AVAILABLE DATA>
━━━━━━━━

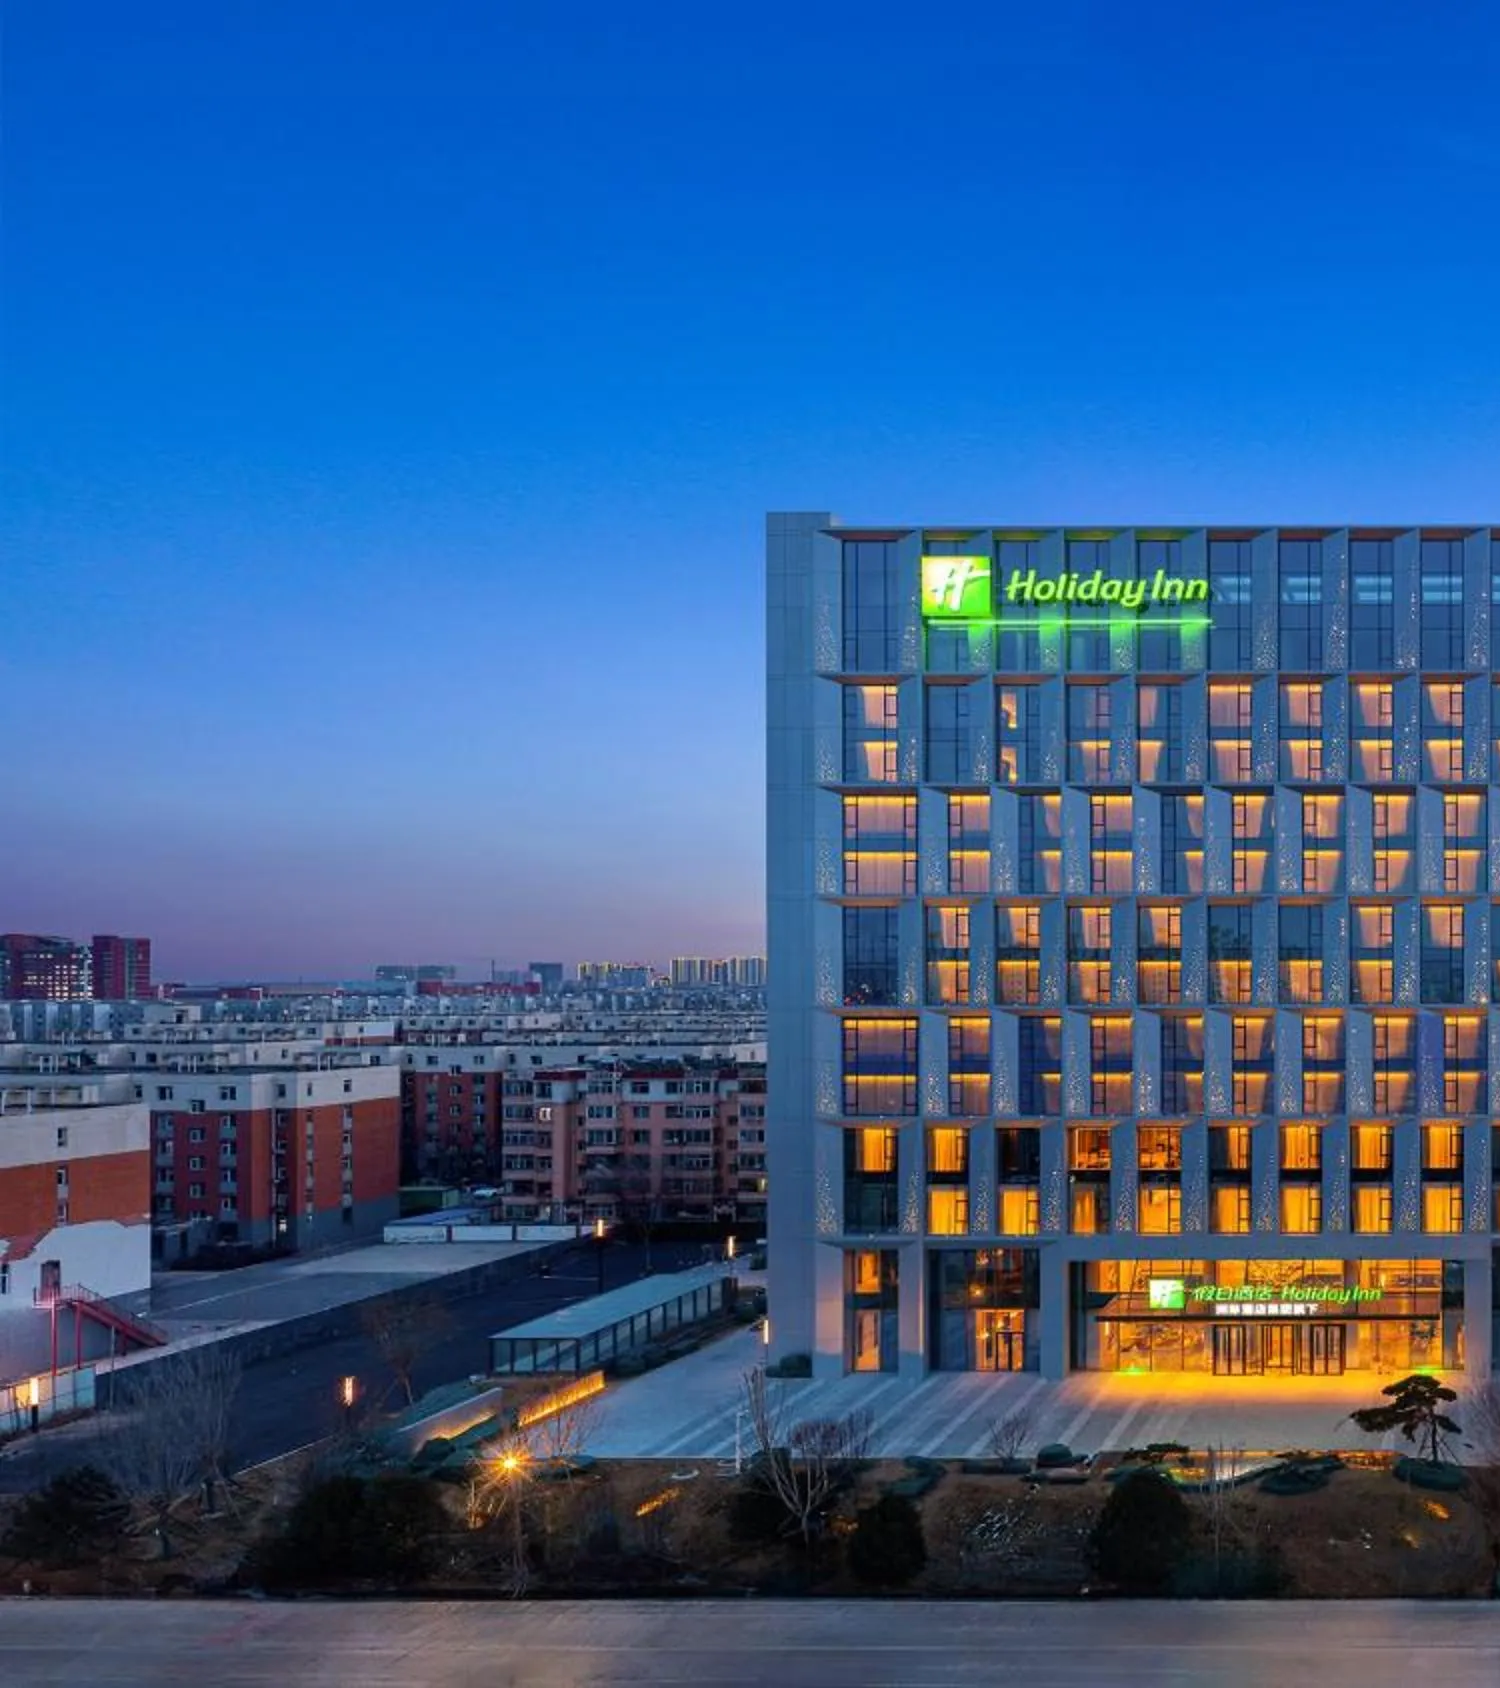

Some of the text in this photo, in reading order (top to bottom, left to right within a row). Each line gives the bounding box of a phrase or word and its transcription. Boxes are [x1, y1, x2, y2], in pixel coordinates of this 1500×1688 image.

[1005, 569, 1147, 608] Holiday
[1151, 569, 1209, 600] Inn
[1192, 1285, 1381, 1305] 假日酒店 Holiday Inn
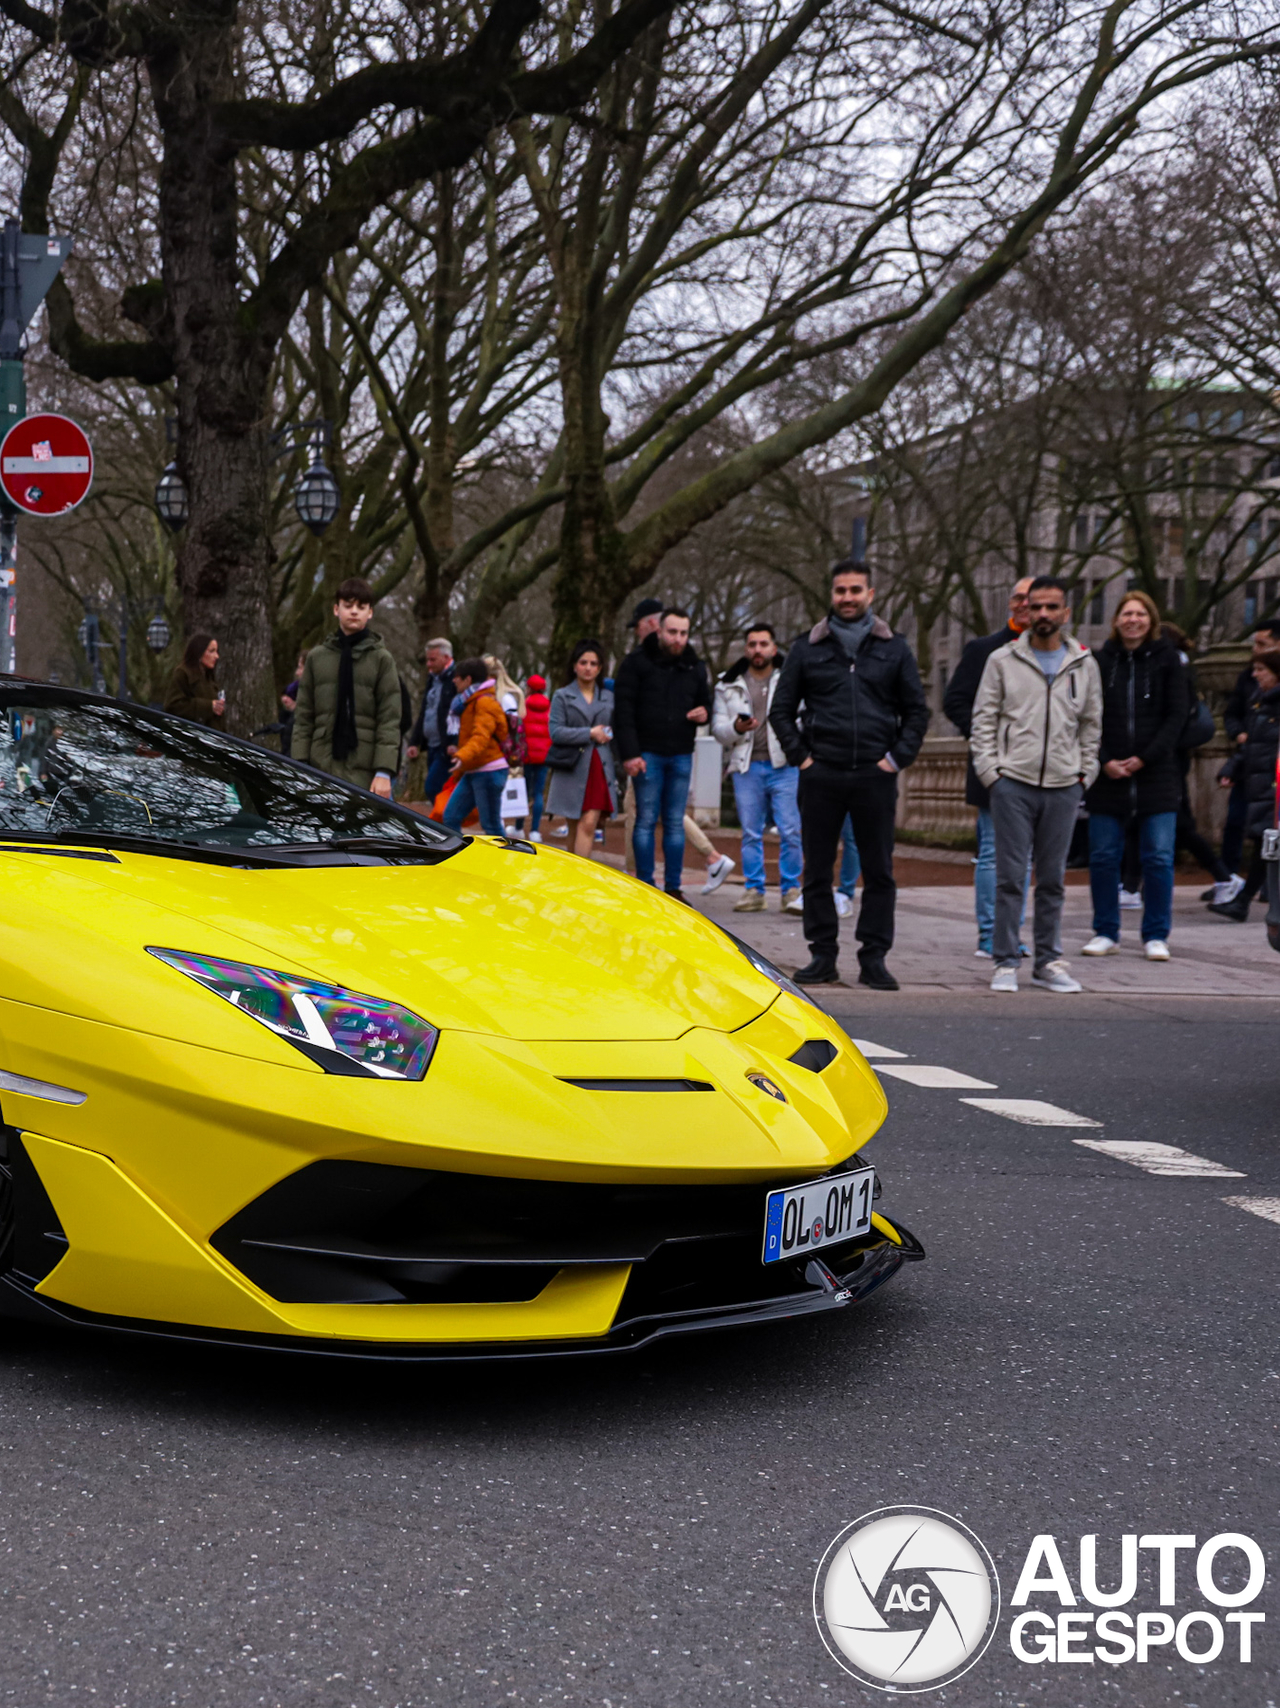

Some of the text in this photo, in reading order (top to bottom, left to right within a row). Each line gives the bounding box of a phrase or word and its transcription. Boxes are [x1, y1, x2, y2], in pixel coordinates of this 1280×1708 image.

[782, 1177, 870, 1251] OL OM 1
[769, 1234, 777, 1250] D
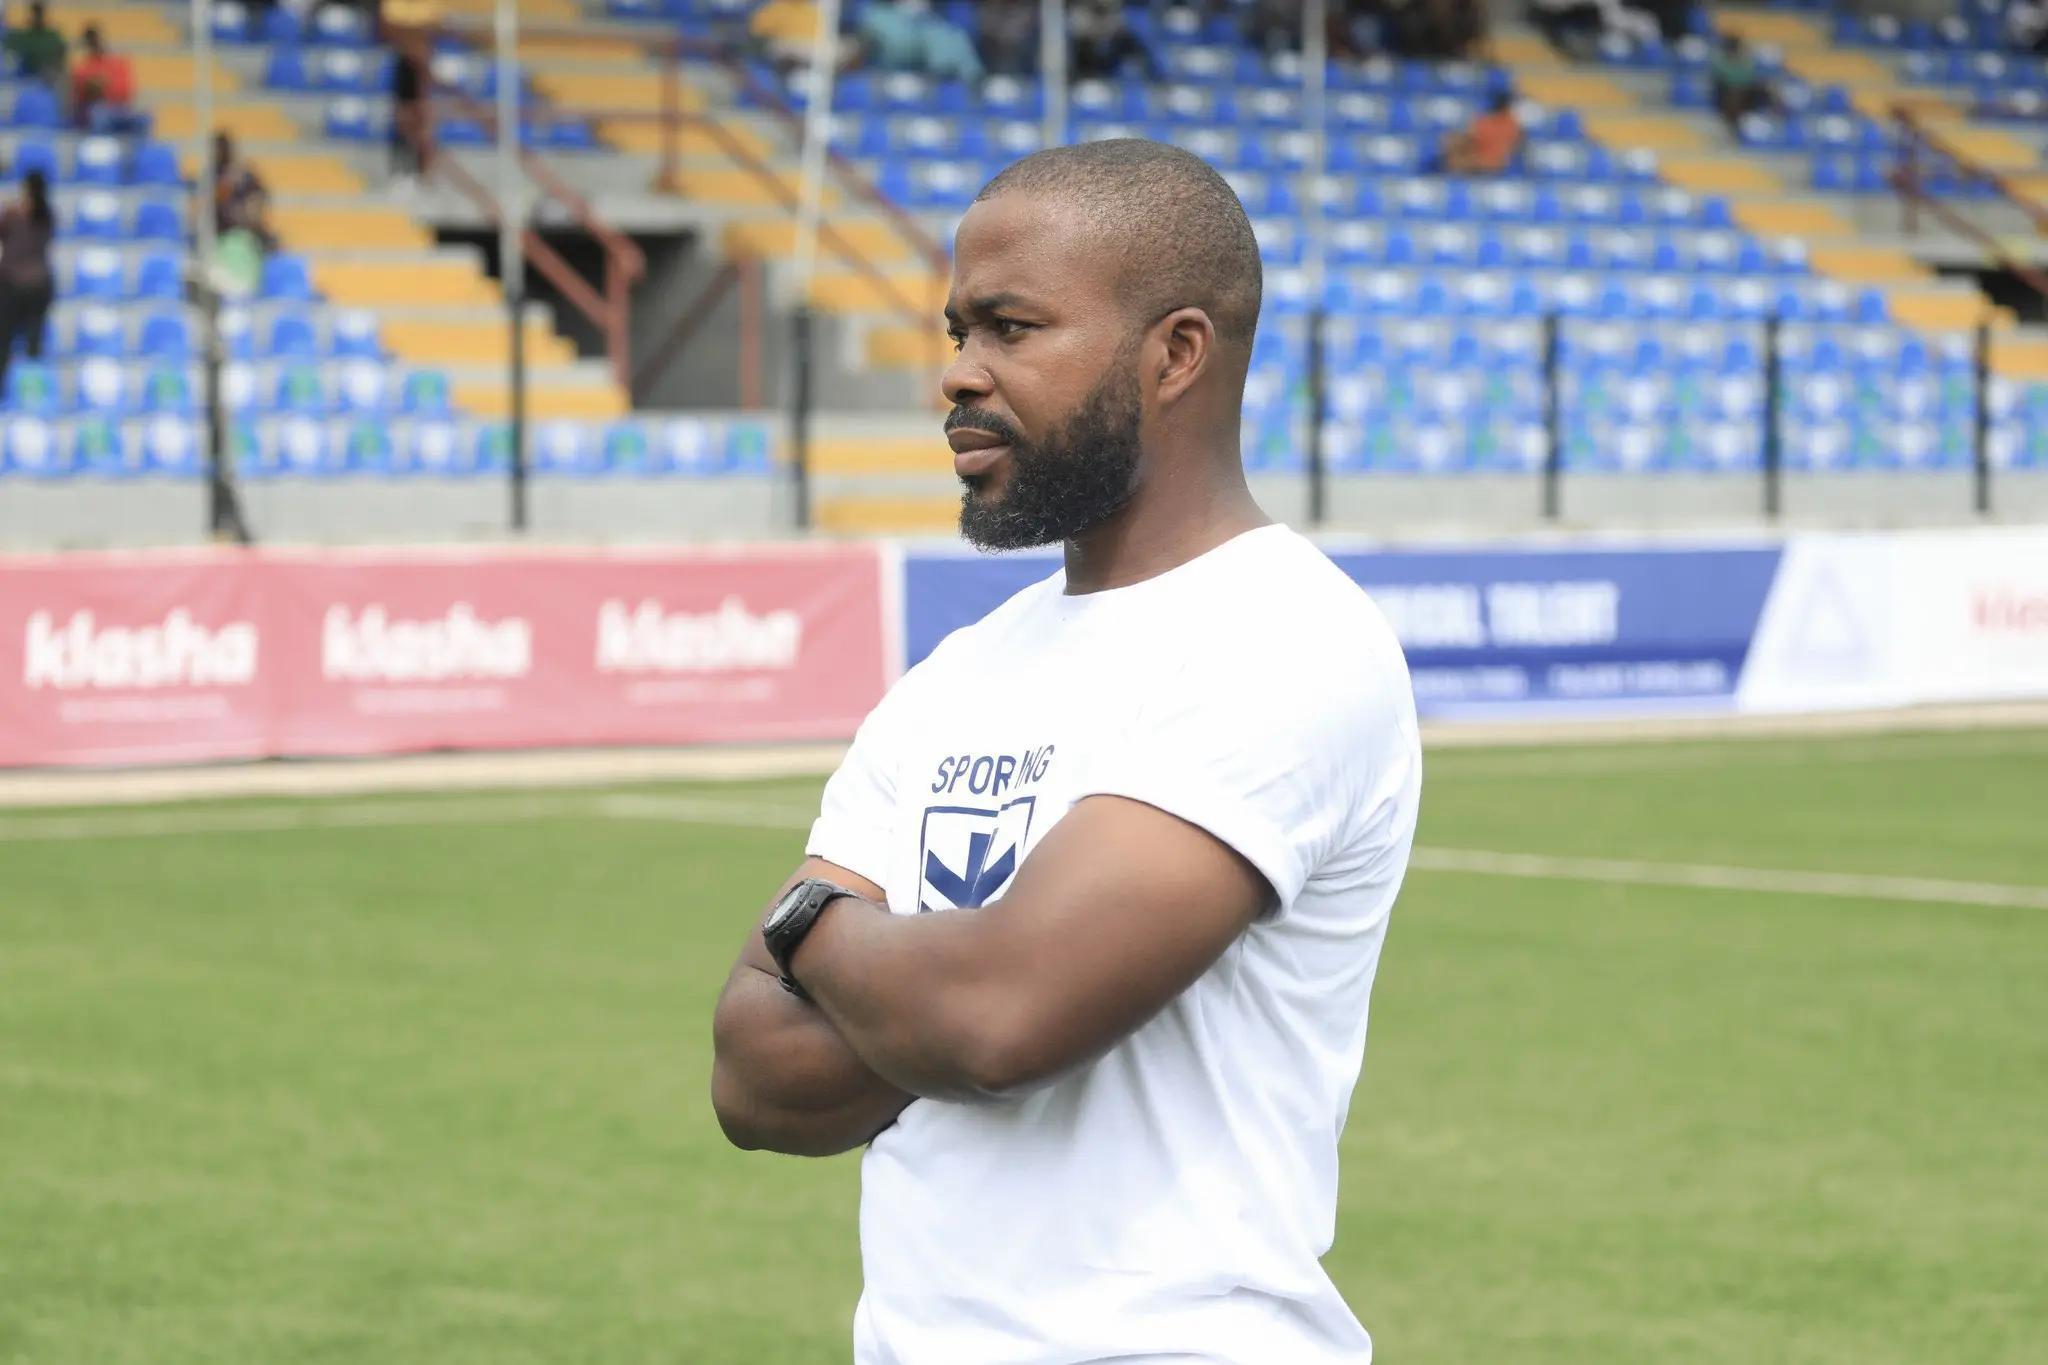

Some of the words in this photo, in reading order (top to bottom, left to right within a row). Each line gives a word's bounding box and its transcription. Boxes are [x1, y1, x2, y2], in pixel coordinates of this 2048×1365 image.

[24, 607, 259, 690] klasha
[322, 601, 532, 682] klasha
[596, 595, 801, 671] klasha
[931, 744, 1055, 796] SPORING

━━━━━━━━

TASK PROMPT>
A faithful copy of every record is needed here. Leave the images out of it.

TASK ANSWER>
Some of the text in this photo, in reading order (top to bottom, left to right within a row). Each line gives the bounding box of a phrase or word and its transcription. Boxes are [x1, y1, x2, y2], in pixel coordinates of this 1500×1688 image.

[1005, 569, 1147, 608] Holiday
[1151, 569, 1209, 600] Inn
[1192, 1285, 1381, 1305] 假日酒店 Holiday Inn

Some of the text in this photo, in reading order (top to bottom, left to right within a row). Each line gives the bounding box of a phrase or word and its transcription. Boxes are [x1, y1, x2, y2], in pixel coordinates of this 1280×1708 image.

[782, 1177, 870, 1251] OL OM 1
[769, 1234, 777, 1250] D

Some of the words in this photo, in reading order (top to bottom, left to right within a row). Each line gives a word's bounding box and its transcription. Boxes are [x1, y1, x2, y2], in pixel coordinates of this 2048×1365 image.

[24, 607, 259, 690] klasha
[322, 601, 532, 682] klasha
[596, 595, 801, 671] klasha
[931, 744, 1055, 796] SPORING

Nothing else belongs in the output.